All incidents were attributed to bull sharks, which typically inhabit warmer coastal waters but migrate closer to Sydney’s popular beaches during the summer months. Recent heavy rainfall in Sydney—some of the heaviest in at least a decade for a 24-hour period—created conditions that experts say are conducive to potentially lethal encounters.

Steve Pearce, CEO of NSW Surf Life Saving, noted: “We do get a lot of shark sightings or people being bumped by sharks, but to have four incidents where all victims were actually attacked by sharks is really uncommon.”

Bull sharks possess the unique ability to live in both fresh and marine water. When heavy rain flushes food from estuaries into the ocean, they follow it, feeding by bite as water quality makes it nearly impossible to see.

One attack resulted in the death of 12-year-old Nico Antic. On January 18, while cliff-jumping with two friends at Jump Rock near Shark Beach in the Sydney suburb of Vaucluse, Antic entered the water outside the area protected by anti-shark nets. A suspected bull shark took a single bite on both legs, causing catastrophic injuries and massive blood loss.

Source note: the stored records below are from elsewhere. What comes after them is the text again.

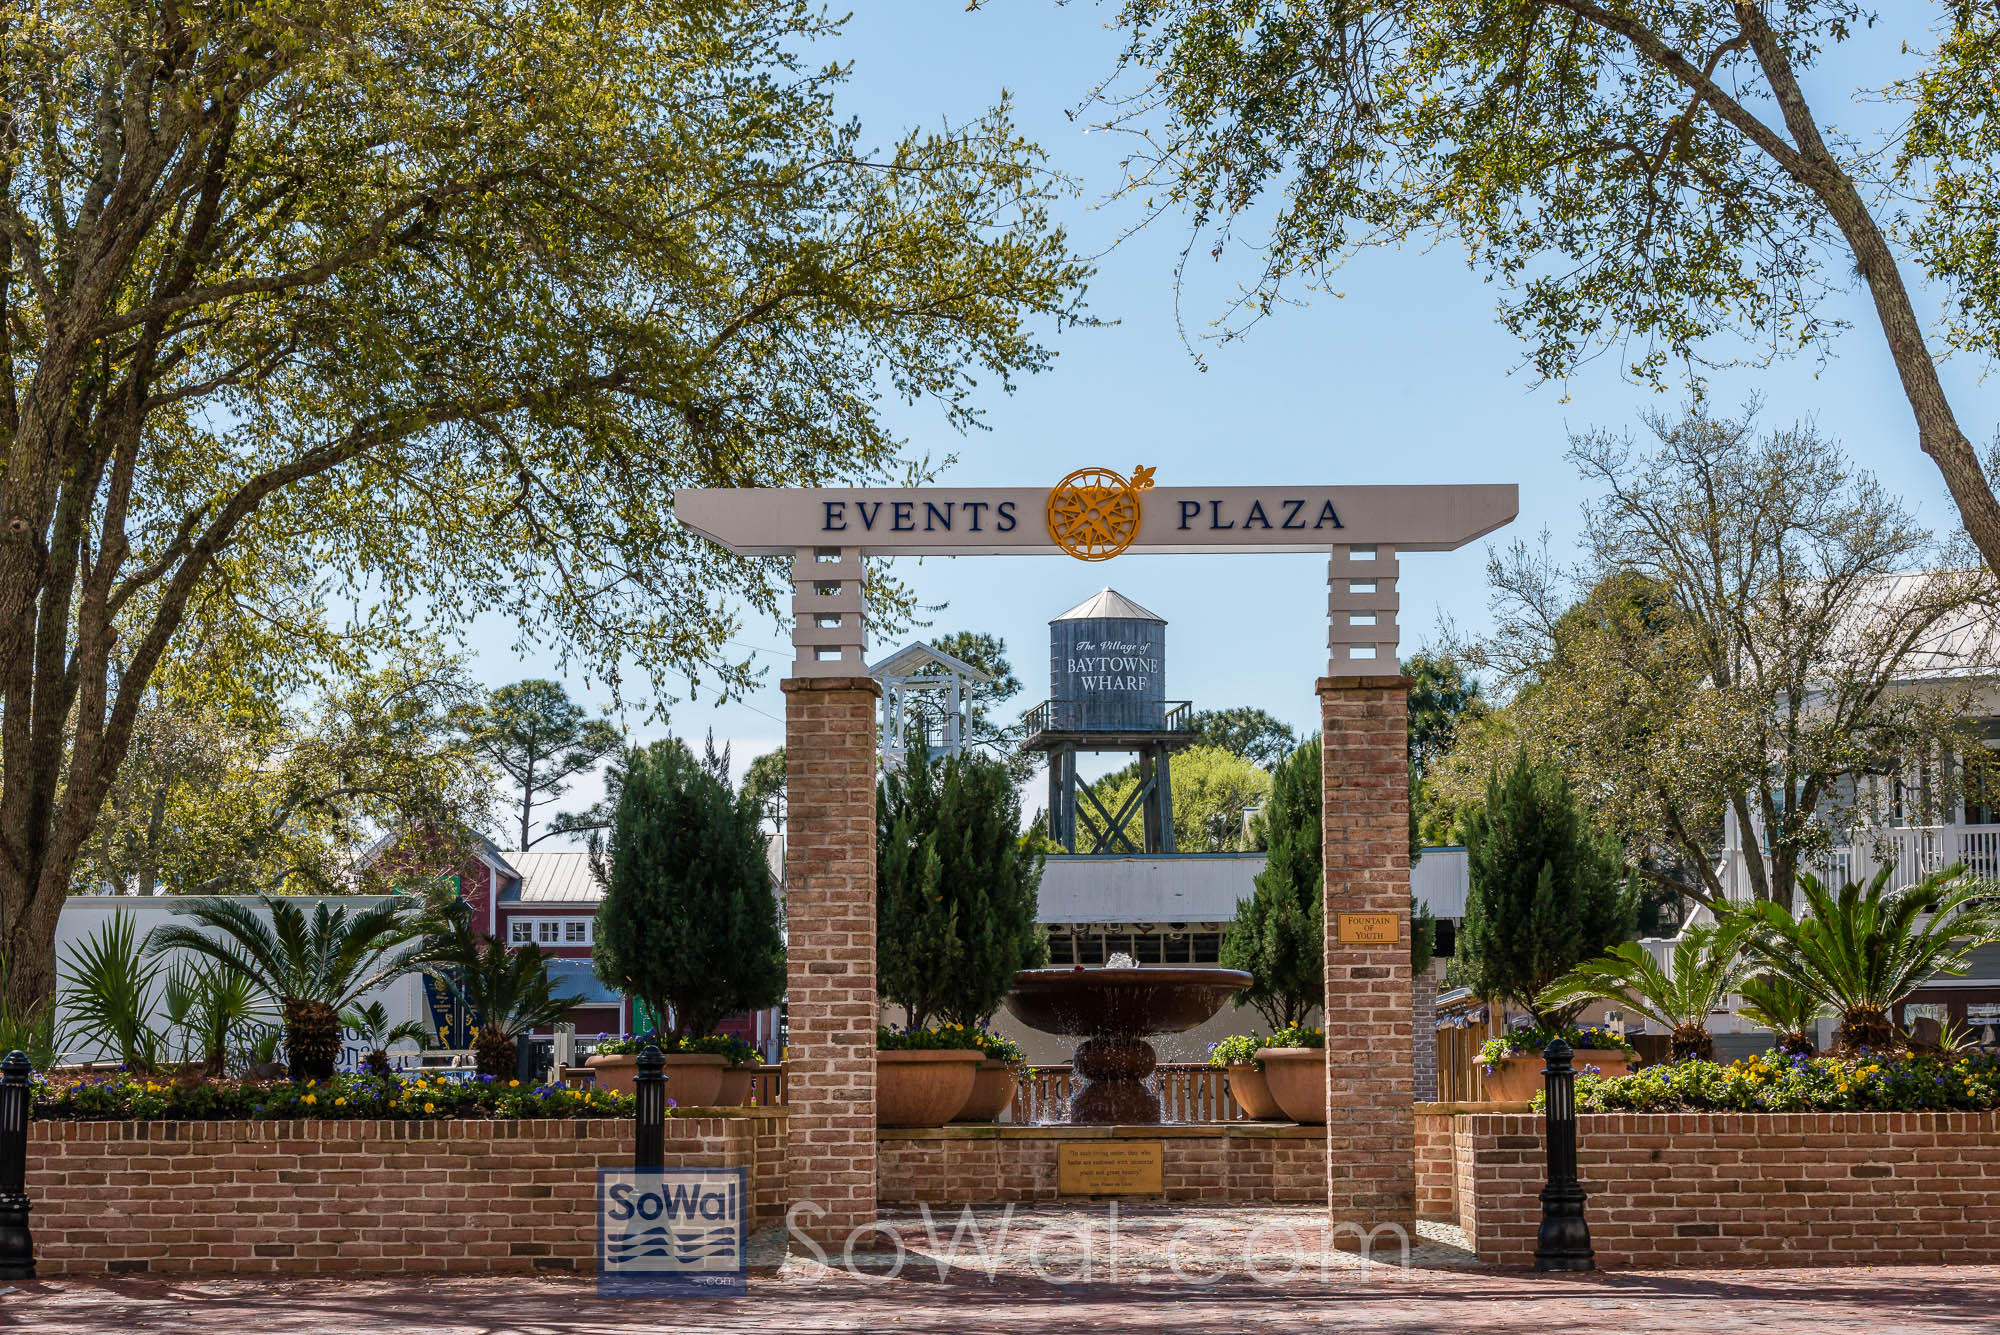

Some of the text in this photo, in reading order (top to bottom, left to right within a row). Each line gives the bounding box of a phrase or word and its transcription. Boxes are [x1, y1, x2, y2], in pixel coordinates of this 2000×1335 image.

[821, 499, 1345, 532] EVENTS PLAZA
[1076, 641, 1151, 654] The Village of
[1067, 657, 1158, 673] BAYTOWNE
[1081, 675, 1147, 691] WHARF
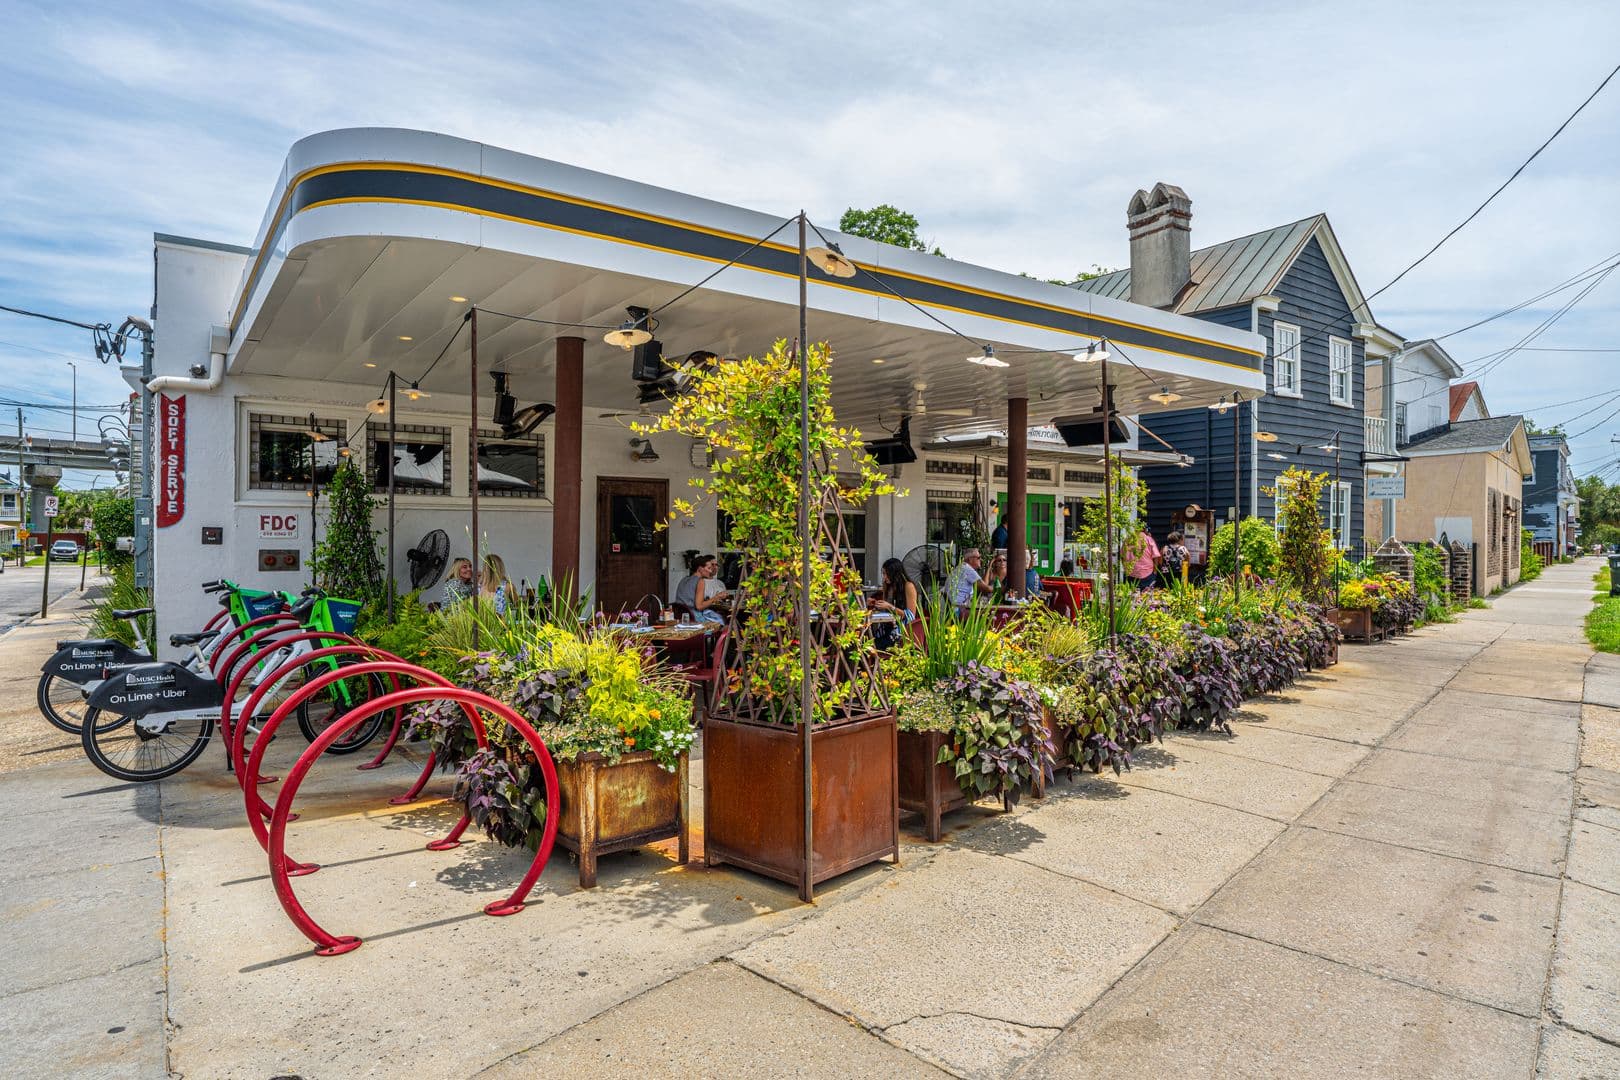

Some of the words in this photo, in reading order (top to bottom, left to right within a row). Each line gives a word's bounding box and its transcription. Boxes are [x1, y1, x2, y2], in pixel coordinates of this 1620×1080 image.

[168, 404, 179, 450] SOFT
[167, 454, 179, 513] SERVE
[260, 515, 297, 531] FDC
[60, 663, 74, 671] On
[74, 662, 97, 671] Lime
[104, 661, 125, 670] Uber
[156, 673, 175, 681] Health
[110, 695, 127, 704] On
[127, 692, 154, 702] Lime
[162, 689, 187, 699] Uber
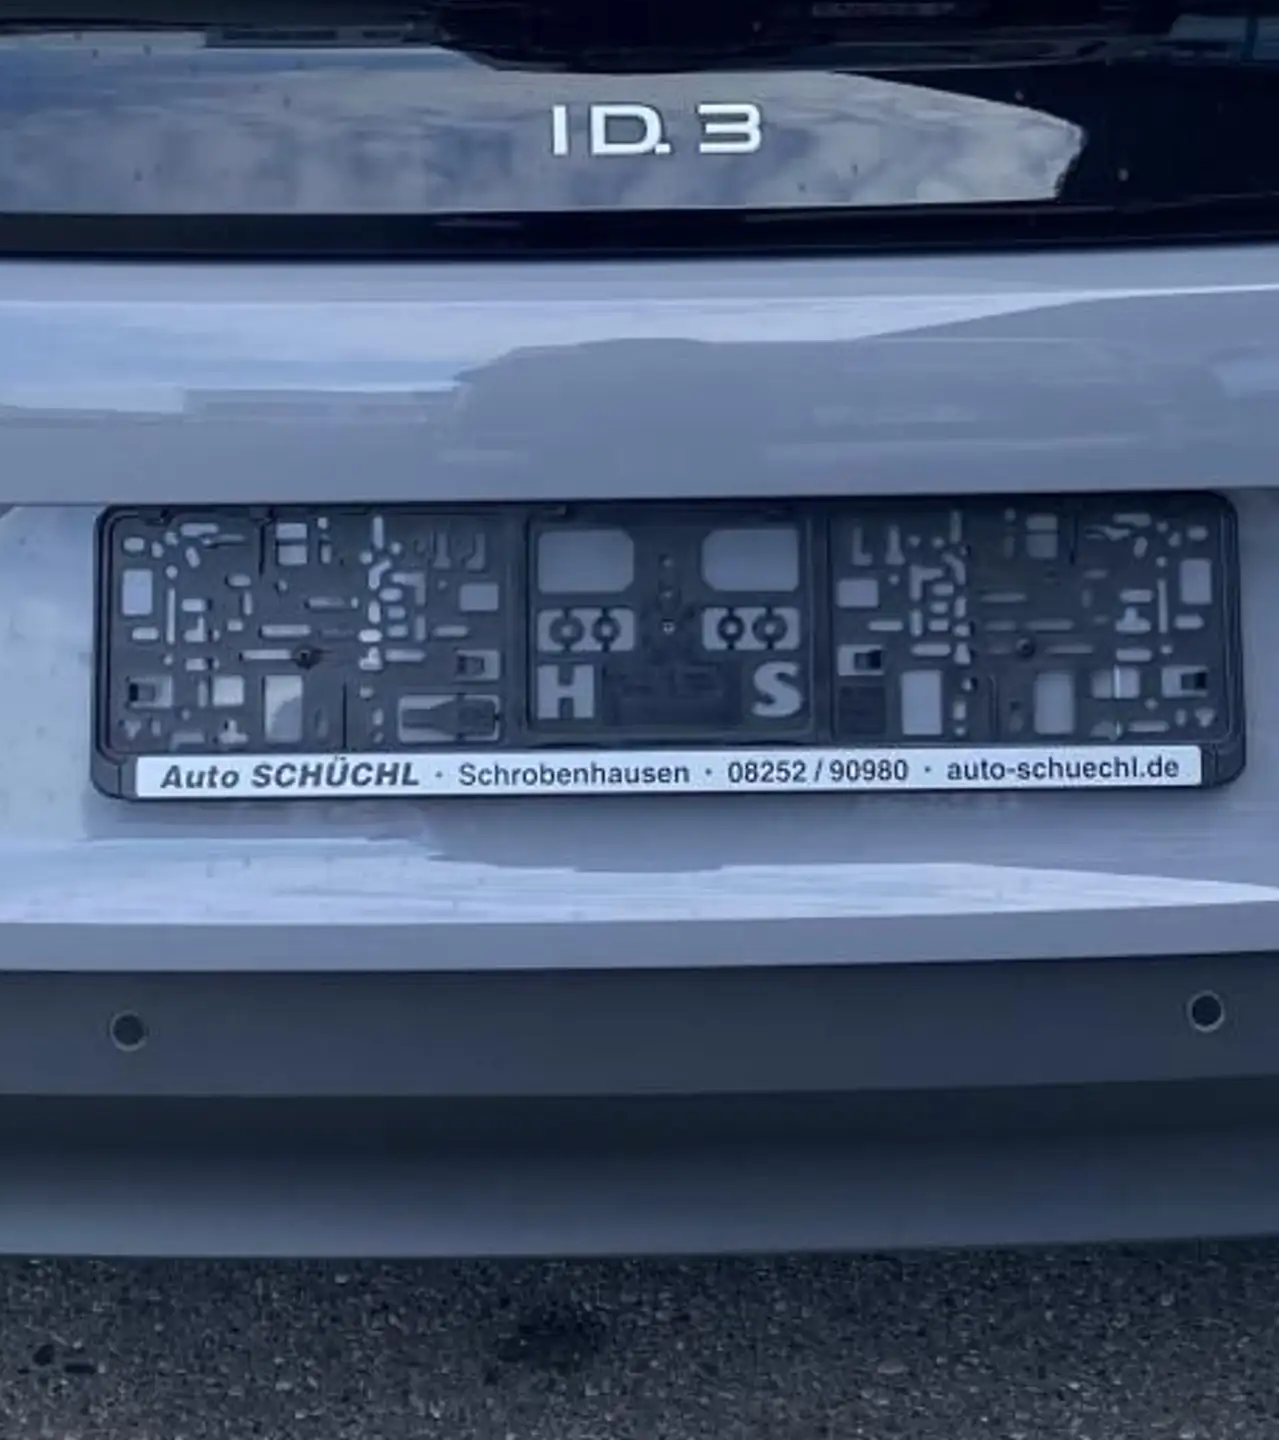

One friend immediately jumped into the water to pull Antic toward rocks while another helped lift him onto a platform as emergency responders arrived. Police and medical teams applied tourniquets to control bleeding before transporting Antic by boat to a nearby ferry wharf.

Antic was rushed to Sydney Children’s Hospital in Randwick, where he received a blood transfusion during transport and underwent emergency surgery within hours. He was placed into a medically induced coma.